I was attempting to make the points clear by expressing them "as if"
part of the standard.
2) On per-user certificates I think that the real argument here is
that
in the context of spam and phishing the aggregate reputation is much
more interesting than the individual. Distinguishing the behavior of
pbaker(_at_)verisign(_dot_)com from *.verisign.com is not very useful where we
are
talking about the decision to deliver or not.

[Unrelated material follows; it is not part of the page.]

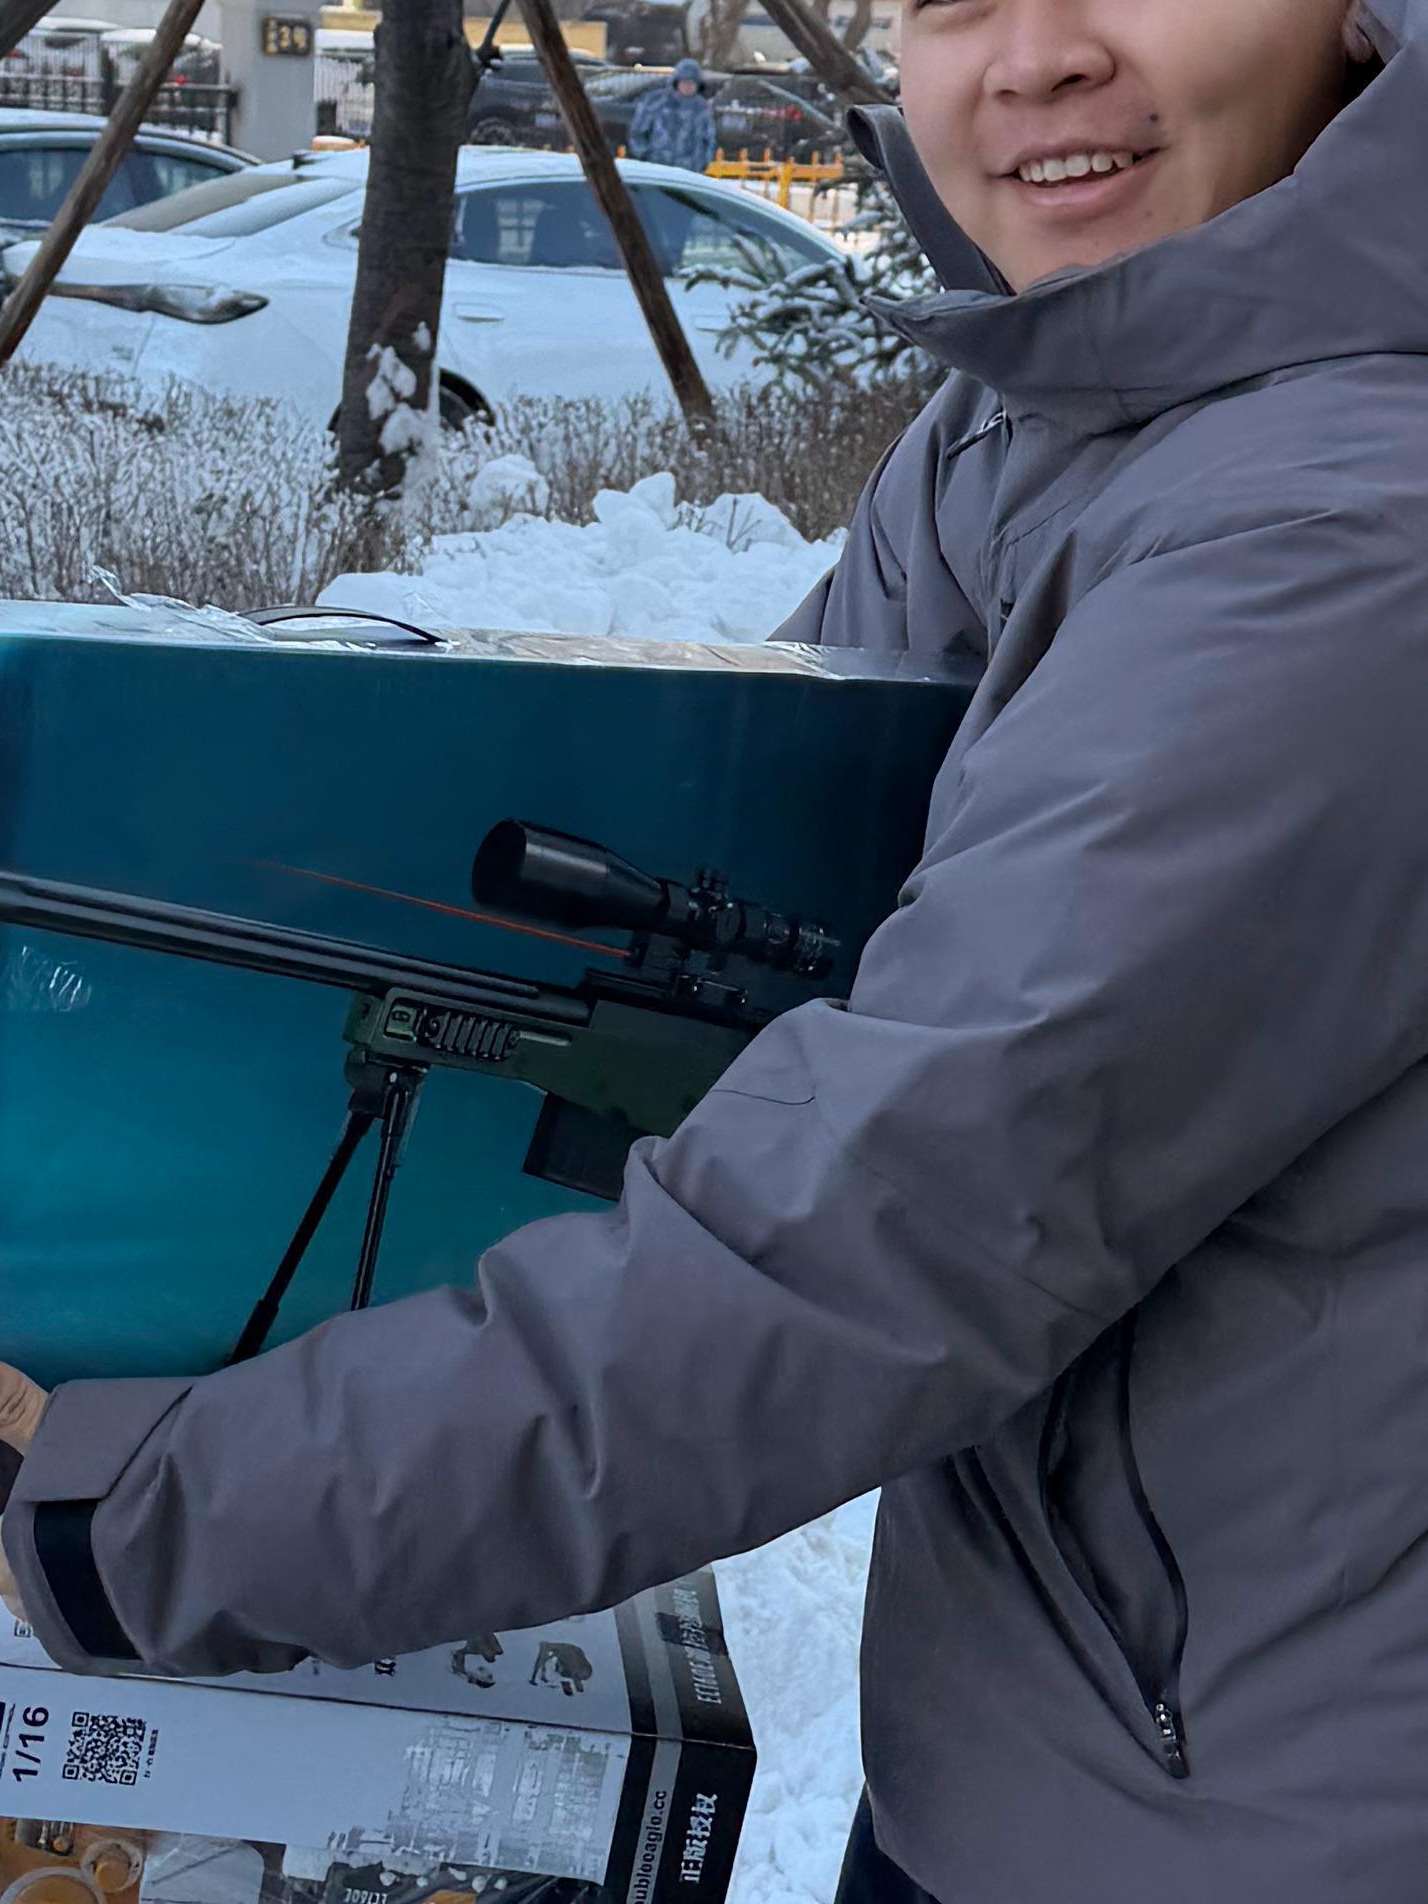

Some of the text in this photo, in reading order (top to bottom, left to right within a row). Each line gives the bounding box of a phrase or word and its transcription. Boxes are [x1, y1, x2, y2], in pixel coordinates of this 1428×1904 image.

[12, 1706, 50, 1782] 1/16
[679, 1793, 719, 1884] 正版授权

Absolutely. The domain represents a practical and defensible limit
for accruing reputations. As said in the draft, DKIM must adopt a
defensive strategy. Establishing DoS protections at the HELO is a
means to defend resources and establish name-based accrual of
reputations. This seems to be a practical solution. Successful DKIM
deployment depends upon being able to deal with the current situation
confronting email receivers. The concept of mailbox-domain
authorization is fundamentally flawed. It is asking the receiver to
go well beyond what can be defended by amplifying the impact a
miscreant creates.
There are cases where this is relevant but I suggest that these are
much
less common and likely to be a subset in most organizations. For
example
end user keying might be relevant for professionals at their place of
work, I do not see it as being essential for people with a hotmail
address.
It would seem to make sense to use S/MIME or some type of secure
document rather than burden the basic email system by attempting to
provide user-verification. The opaque-identifier can act as a pseudo-
certificate and permit out-of-band verifications that can strengthen
the association of the opaque-identifier and the user. After all,
any verification method attempted at the MTA is limited by the
account authentication for server access.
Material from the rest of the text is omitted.